As election results began pouring in on Tuesday night in Southern California, it quickly became clear that all eight of the propositions on the ballot (including those supported by the Governor, and this column) were being defeated. While the television and radio pundits went on about the mood of the voters and the power of the unions, I began to think that they were entirely missing the point. Increasingly, we are being divided almost down the middle into a group who pays into government and a group that takes from it. Put differently, this means that half the voters are voting for someone else to essentially give them something for nothing. Should government really act as the modern day Robin Hood?
The Joint Economic Committee of the U.S. Congress reported in 1996 that the top 1 percent of tax payers paid 27.5% of all federal taxes. The top 10 percent of taxpayers paid 57.2% and the bottom 50% paid 5.7% of federal taxes. In other words, half the population paid more than 94% of the taxes. While these numbers are by now a little dated, most recent figures actually show that the trend is accelerating, with estimates that the top 10 percent now pay about 62% of federal taxes. In case you were wondering if you were in the top 10 percent, if you earn more than $74,981, you are.

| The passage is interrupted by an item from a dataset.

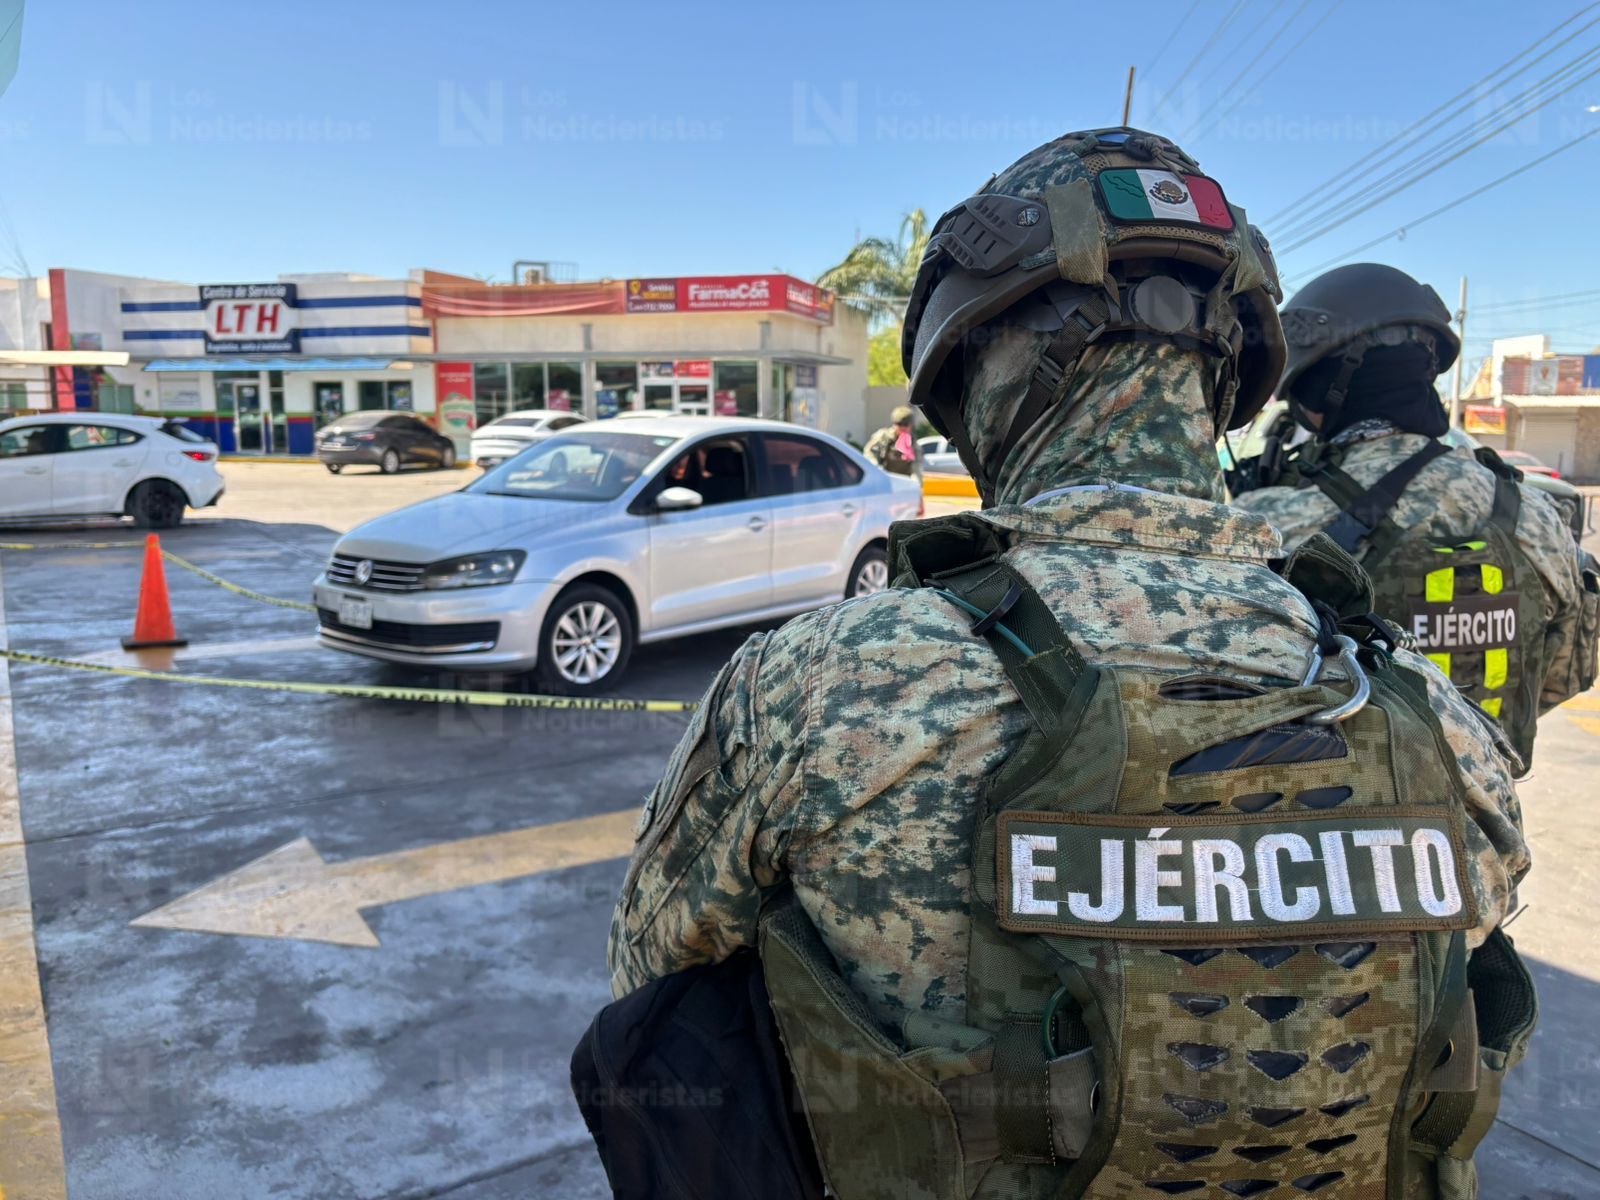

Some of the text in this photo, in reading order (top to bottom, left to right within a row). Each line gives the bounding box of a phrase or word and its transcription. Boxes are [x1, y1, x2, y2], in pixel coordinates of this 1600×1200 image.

[216, 304, 280, 333] LTH
[1413, 607, 1516, 647] EJÉRCITO
[1011, 827, 1462, 922] EJÉRCITO

The specific statistics are rather beside the point, but the numbers make very clear that the burden for paying for society is increasingly falling on a smaller and smaller share of that society. Otherwise known as a "progressive tax system," the idea that "the rich" pay more is a longstanding tradition within the United States. The notion that those who have more resources can afford to contribute more to the general welfare is fairly healthy from a societal point of view. After all, too large a divide between "haves and have-nots" leads to general strife, and if history is any guide, eventually revolution. The problem with taking the idea of a progressive tax system too far is that there is a risk of removing the burden of responsibility for government from too many people.
A society cannot function for long if half the population believes it can simply "take" from the other half. The 50% who are paying into the system believe that they are paying more and more all the time for services that are both eroding and that they are benefiting from less and less. The 50% who are not paying into the system believe that they can live their lives as they choose while being subsidized by someone else. In a direct Democracy system like the initiatives in California, the majority can also impose tax increases on the minority without feeling as if it will cost them anything. In economics, this is known as the "free rider problem." If the majority believes that taxes are increasingly "taking from someone else" rather than taxing one's self in order to solve a problem, the disaffected "paying minority" is likely to flee to a state they believe is more equitable, thus only exacerbating the problem.
The only way to bring responsibility back into personal politics is to ensure that everyone pays at least something meaningful back into the system. This principle is at the very heart of our Democracy. The problem is that both the major parties have it dead wrong on how to fix the problem. President Bush, and most Republicans, are looking at a tax plan that will eliminate the Alternative Minimum Tax (AMT) and, in order to pay for it, remove many popular deductions for home mortgages and state taxes. This will effectively shift more of the tax burden from the top 5% of taxpayers to the top 50%, effectively forcing "the middle class" to pay more of the taxes currently paid by "the wealthy." The Democrats are trying to do exactly the opposite by keeping AMT, raising capital gains, and estate taxes thereby shifting more taxes from "the middle class" to "the wealthy," essentially fewer and fewer people. What both of these perspectives miss entirely is that they don't address the free rider problem. With either plan you still have half the population essentially dependent on government programs and not paying into the system, while fewer and fewer people participate.
Fixing the inequities of the current system doesn't involve deciding whether to tax "the rich," the "middle class," or "the poor," it's about ensuring that everyone enjoys both the benefits of society's largesse as well as the burden of the taxes that provide it. Democracy without responsibility is not Democracy, rather the imposition of popular authoritarianism.